**RECORDS SHOWN**.

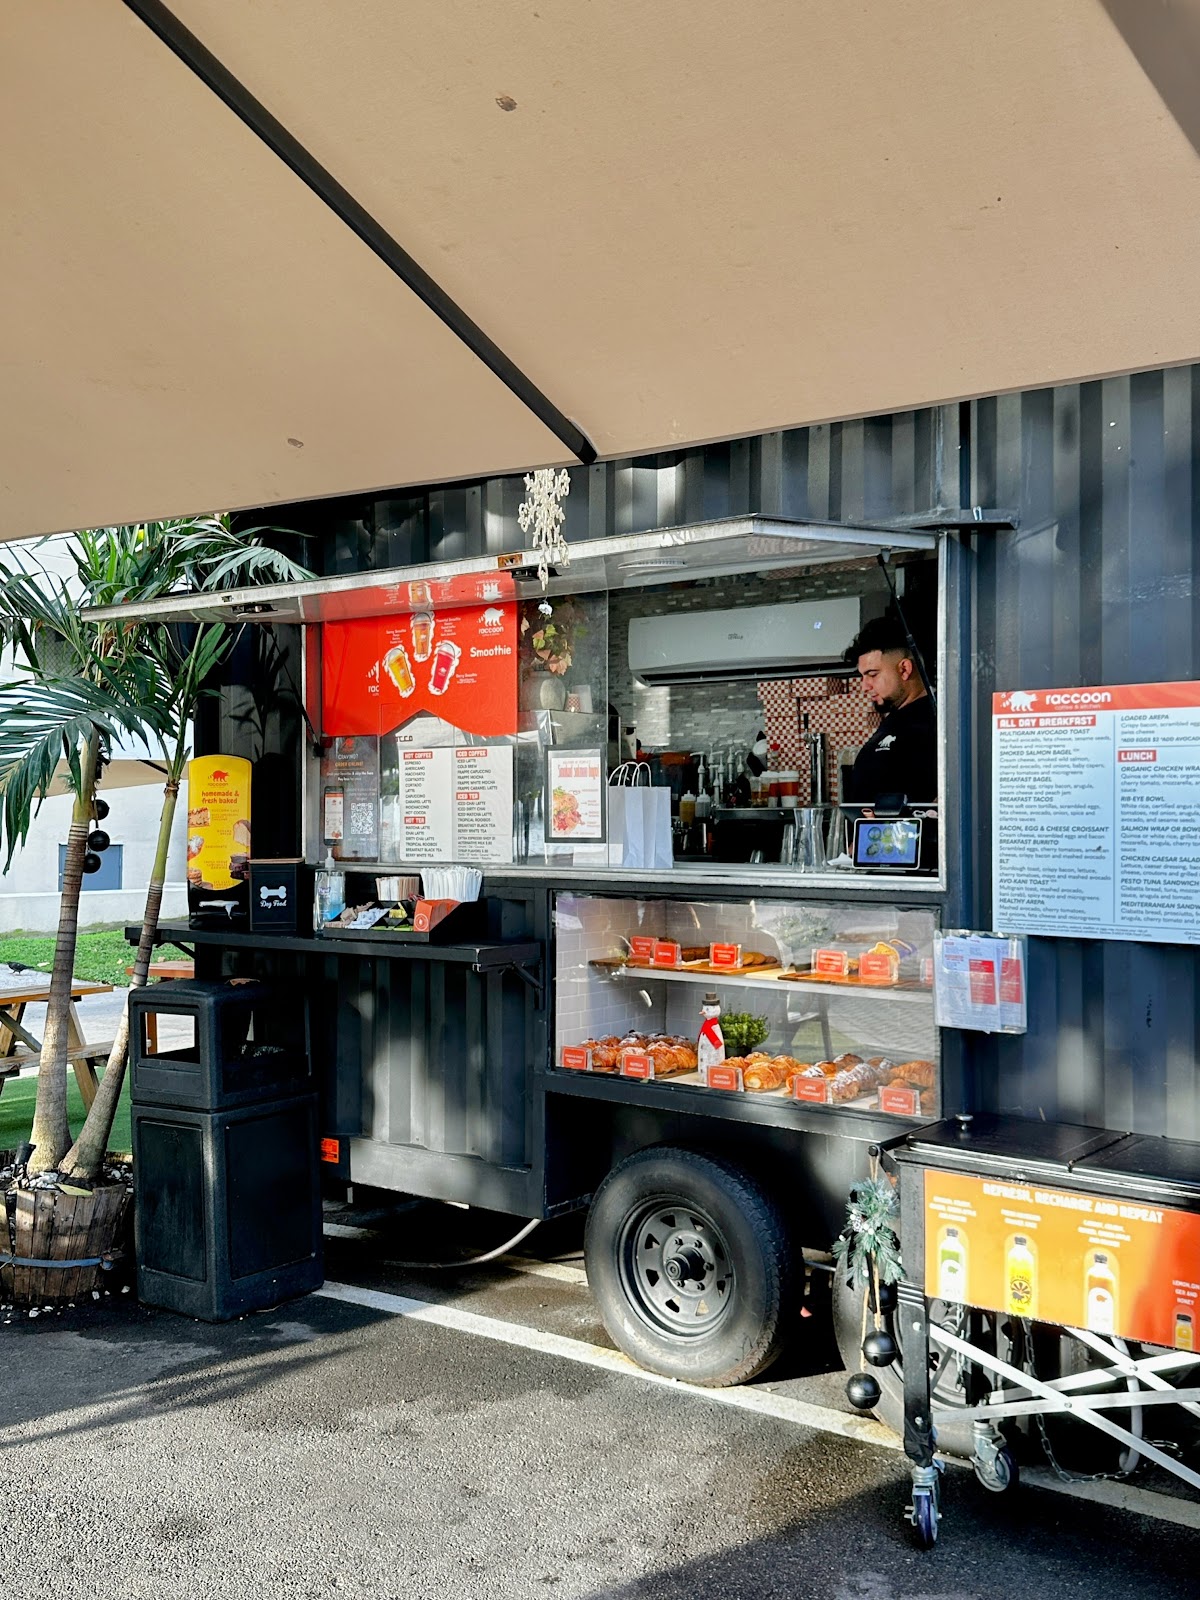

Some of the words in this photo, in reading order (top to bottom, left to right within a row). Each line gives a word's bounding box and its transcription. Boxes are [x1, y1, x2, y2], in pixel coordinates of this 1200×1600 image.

[470, 646, 511, 658] Smoothie
[1045, 692, 1111, 705] raccoon
[1000, 719, 1016, 728] ALL
[1019, 718, 1037, 727] DAY
[1039, 717, 1094, 726] BREAKFAST
[1121, 752, 1153, 761] LUNCH
[260, 900, 272, 909] Dog
[983, 1183, 1034, 1203] REFRESH,
[1035, 1191, 1093, 1212] RECHARGE
[1094, 1201, 1118, 1216] AND
[1120, 1206, 1164, 1224] REPEAT
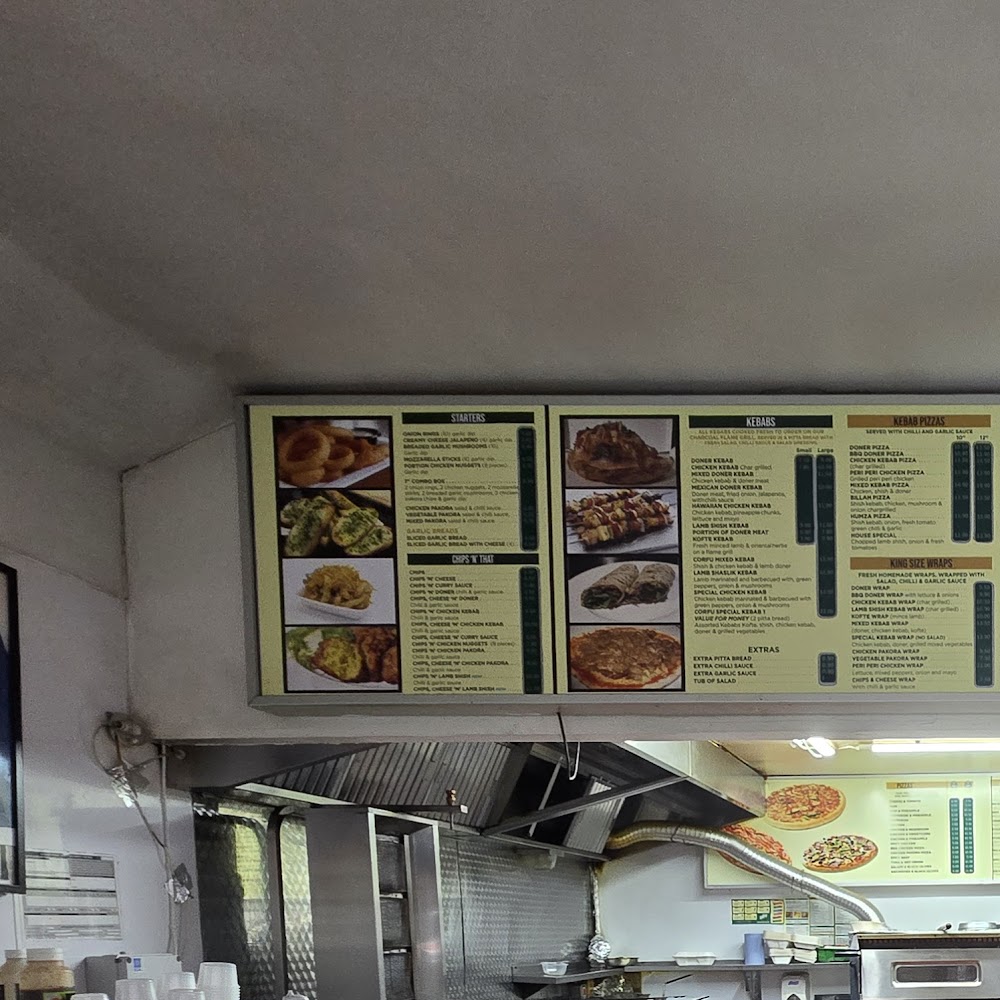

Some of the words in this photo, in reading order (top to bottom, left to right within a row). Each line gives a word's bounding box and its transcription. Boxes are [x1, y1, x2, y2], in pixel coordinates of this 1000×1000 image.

[451, 414, 486, 422] STARTERS
[746, 417, 776, 427] KEBABS
[894, 416, 918, 426] KEBAB
[920, 416, 945, 426] PIZZAS
[452, 555, 470, 563] CHIPS
[480, 555, 494, 563] THAT
[890, 559, 907, 568] KING
[909, 559, 925, 568] SIZE
[927, 559, 953, 568] WRAPS

**WHAT THE TASK ASKS**.
Could you retype the records above exactly, omitting the pictures?

**COMPLETED EXERCISE**.
Some of the words in this photo, in reading order (top to bottom, left to right within a row). Each line gives a word's bounding box and its transcription. Boxes are [x1, y1, x2, y2], in pixel coordinates of this 1200×1600 image.

[470, 646, 511, 658] Smoothie
[1045, 692, 1111, 705] raccoon
[1000, 719, 1016, 728] ALL
[1019, 718, 1037, 727] DAY
[1039, 717, 1094, 726] BREAKFAST
[1121, 752, 1153, 761] LUNCH
[260, 900, 272, 909] Dog
[983, 1183, 1034, 1203] REFRESH,
[1035, 1191, 1093, 1212] RECHARGE
[1094, 1201, 1118, 1216] AND
[1120, 1206, 1164, 1224] REPEAT

Some of the words in this photo, in reading order (top to bottom, left to right within a row). Each line gives a word's bounding box and its transcription. Boxes are [x1, y1, x2, y2], in pixel coordinates of this 1000×1000 image.

[451, 414, 486, 422] STARTERS
[746, 417, 776, 427] KEBABS
[894, 416, 918, 426] KEBAB
[920, 416, 945, 426] PIZZAS
[452, 555, 470, 563] CHIPS
[480, 555, 494, 563] THAT
[890, 559, 907, 568] KING
[909, 559, 925, 568] SIZE
[927, 559, 953, 568] WRAPS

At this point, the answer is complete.